Decided on March 13,1935



- (1.) IN this suit defendant No.2 and his sons defendants Nos. 1 and 3 to 7 are sued on the footing that the father and the sons are members of a firm and are liable as partners for the transactions entered into by one or the other of them on behalf of the firm.
(2.) ON Mr. Bhagvati's opening I pointed out the difficulty of his being able to make out a case on this basis, and of the probability that the suit was misconceived, being framed on the assumption that the father and sons stood in a position similar to that of members of a joint Hindu family. A Hindu may carry on business with property to which for the time he is entitled solely or as a coparcener. If sons are born to him, the sons may by birth acquire an interest in the partnership property.
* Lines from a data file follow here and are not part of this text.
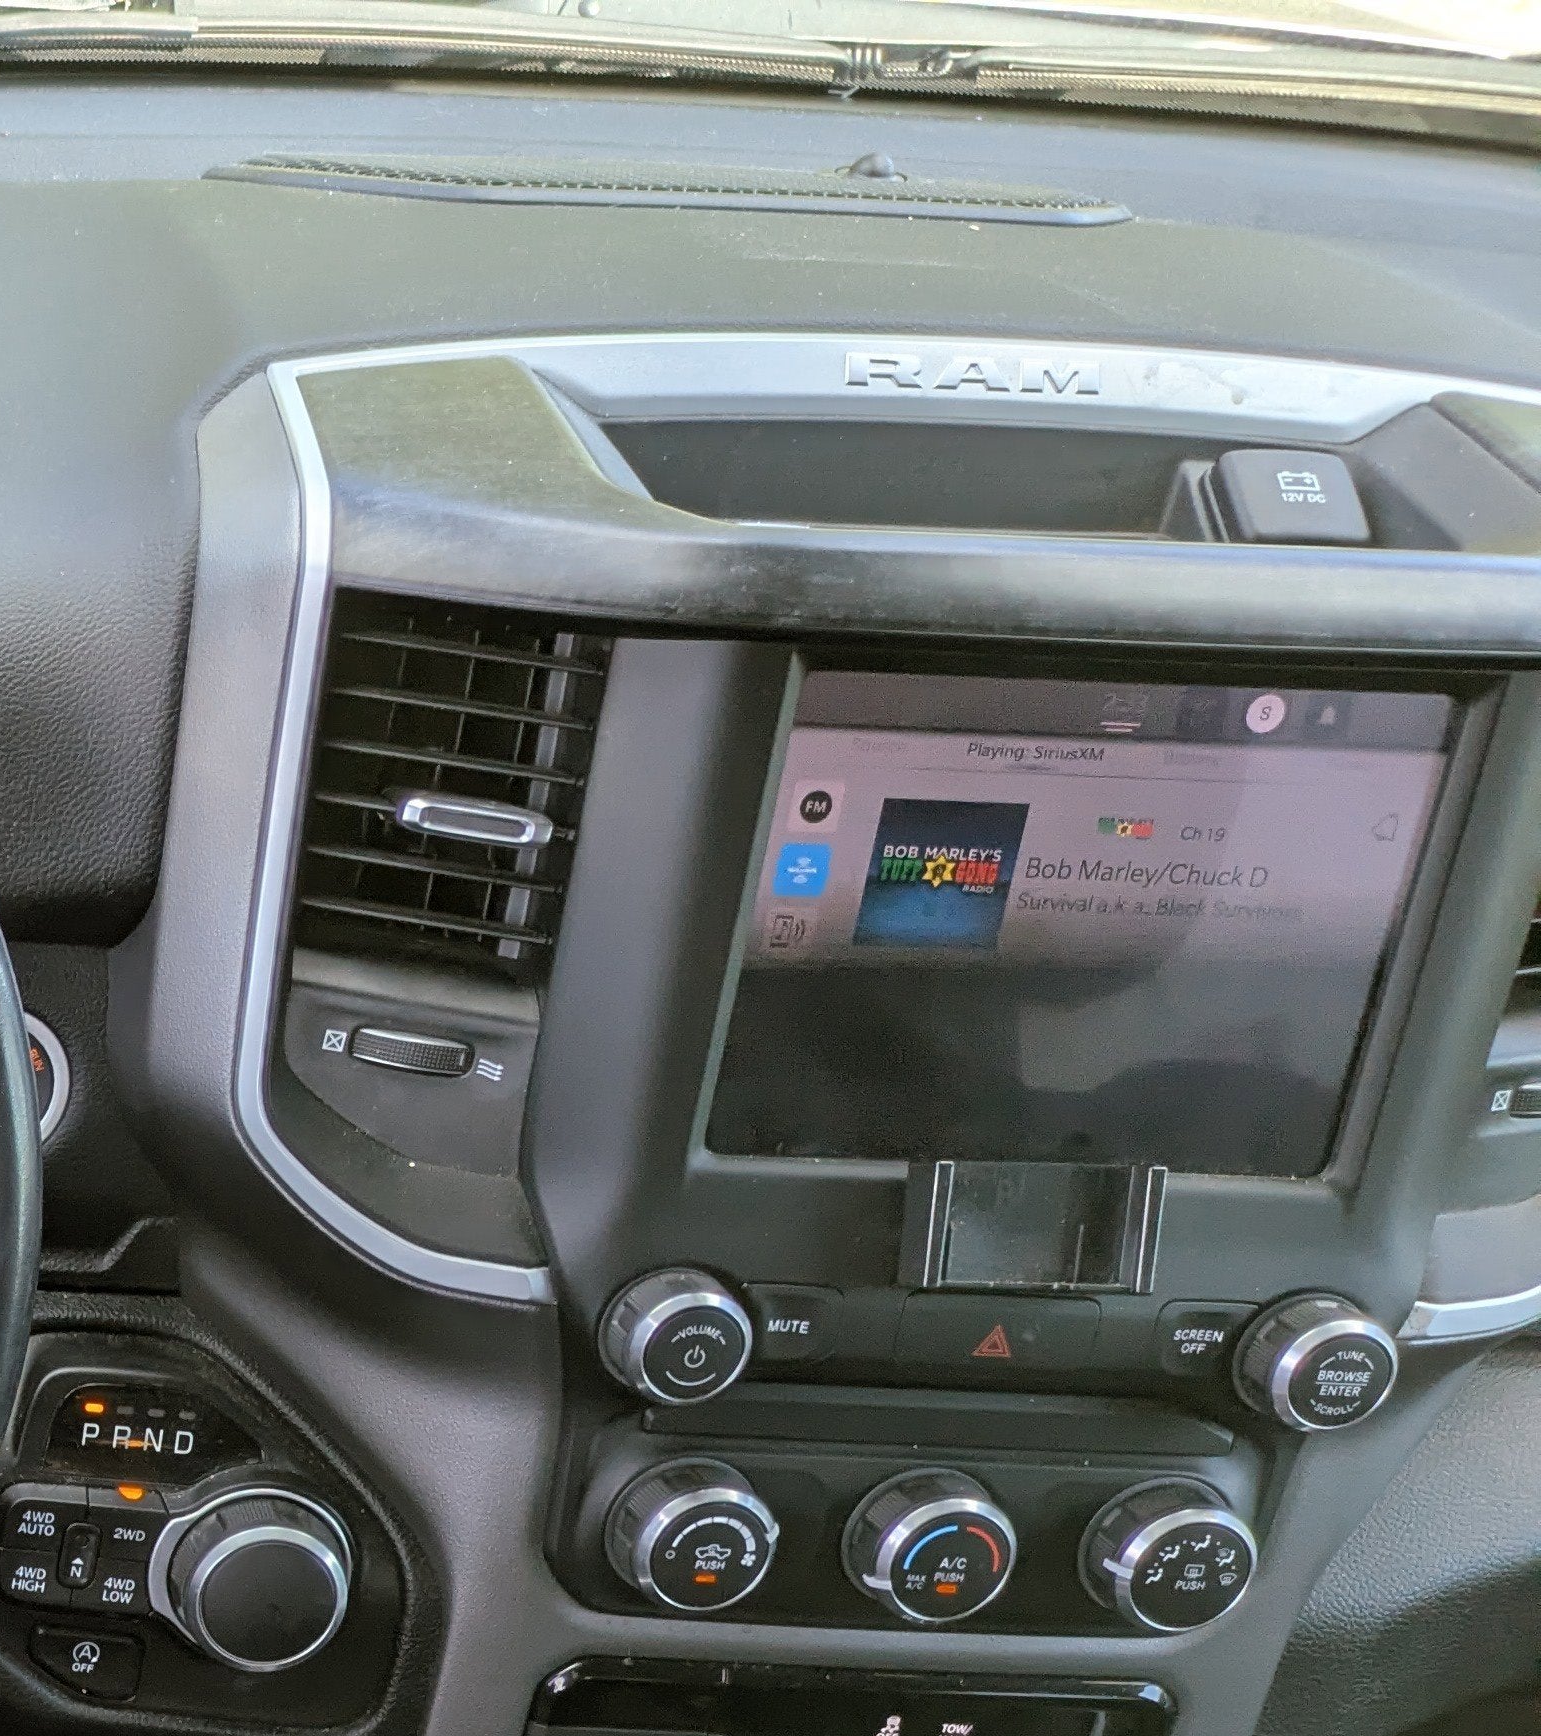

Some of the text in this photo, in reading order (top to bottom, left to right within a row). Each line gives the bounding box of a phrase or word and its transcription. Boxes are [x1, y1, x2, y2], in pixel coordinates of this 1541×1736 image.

[844, 352, 1100, 395] RAM
[1281, 492, 1326, 503] 12V DC
[1259, 706, 1272, 721] S
[1034, 746, 1105, 762] SiriusXM
[805, 800, 827, 814] FM
[1180, 826, 1226, 842] Ch 19
[883, 844, 1003, 862] BOB MARLEY'S
[1025, 857, 1268, 888] Bob Marley/Chuck D
[962, 884, 995, 895] RADIO
[1017, 892, 1093, 914] Survival
[1155, 899, 1205, 918] Black
[677, 1325, 721, 1341] VOLUME
[768, 1319, 811, 1335] MUTE
[1173, 1329, 1225, 1343] SCREEN
[1181, 1343, 1206, 1355] OFF
[1337, 1351, 1366, 1363] TUNE
[1317, 1370, 1372, 1382] BROWSE
[1319, 1385, 1362, 1398] ENTER
[1314, 1402, 1355, 1416] SCROLL
[81, 1423, 194, 1455] P R N D
[22, 1510, 55, 1524] 4WD
[18, 1522, 55, 1537] AUTO
[113, 1528, 146, 1542] 2WD
[695, 1560, 726, 1571] PUSH
[939, 1556, 967, 1570] A/C
[15, 1566, 46, 1581] 4WD
[70, 1565, 83, 1578] N
[906, 1574, 927, 1583] MAX
[933, 1572, 965, 1582] PUSH
[11, 1578, 45, 1594] HIGH
[103, 1577, 135, 1592] 4WD
[906, 1581, 924, 1590] A/C
[1175, 1580, 1206, 1591] PUSH
[102, 1589, 134, 1604] LOW
[72, 1662, 94, 1673] OFF
[941, 1723, 974, 1735] TOW/
The position then would be anomalous in that the partnership property would become subject to the rights of persons who are not partners and who have come into existence after the firm has commenced to do business. The notion of the joint Hindu family firm has, in consequence, arisen, so that all the coparceners who become entitled to the property may to some extent be treated as members of the firm, or, if minors become entitled to the benefit of the partnership : Indian Contract Act, Section 247. But there is no similar cause by which the sons of a Muslim, governed by Muslim law, can in this way slide into the position of partners. They do not by birth acquire during the lifetime of the father any interest in the property, belonging, prior to their birth, to the father ; and unless it is proved that the father and sons have entered into a contract of partnership, the sons do not become partners, the partnership property remains exclusively that of the father and there is no object in or ground for suing the sons in regard to transactions for which the father was responsible. The present case seems to illustrate the misconception to which I have referred. Defendant No.2 is the person who according to the plaintiffs' case was really responsible for the transactions out of which the suit arises. He was the sub-agent of the Burma Oil Company. Transactions were entered into by the plaintiffs with defendant No.2 in regard to the sub-agency. Out of some of these transactions the suit arises. In order that defendants Nos. 3, 4 and 6 may be held responsible in regard to transactions made by their father or on his behalf, it must be shown that they not merely acted as his agents for the time being, but that they acted as his partners. Considering the Muhammadan law of inheritance and the general ways of living amongst the Mussalmans (unless they have adopted Hindu law), it would be extremely difficult to prove that the sons were partners of their father.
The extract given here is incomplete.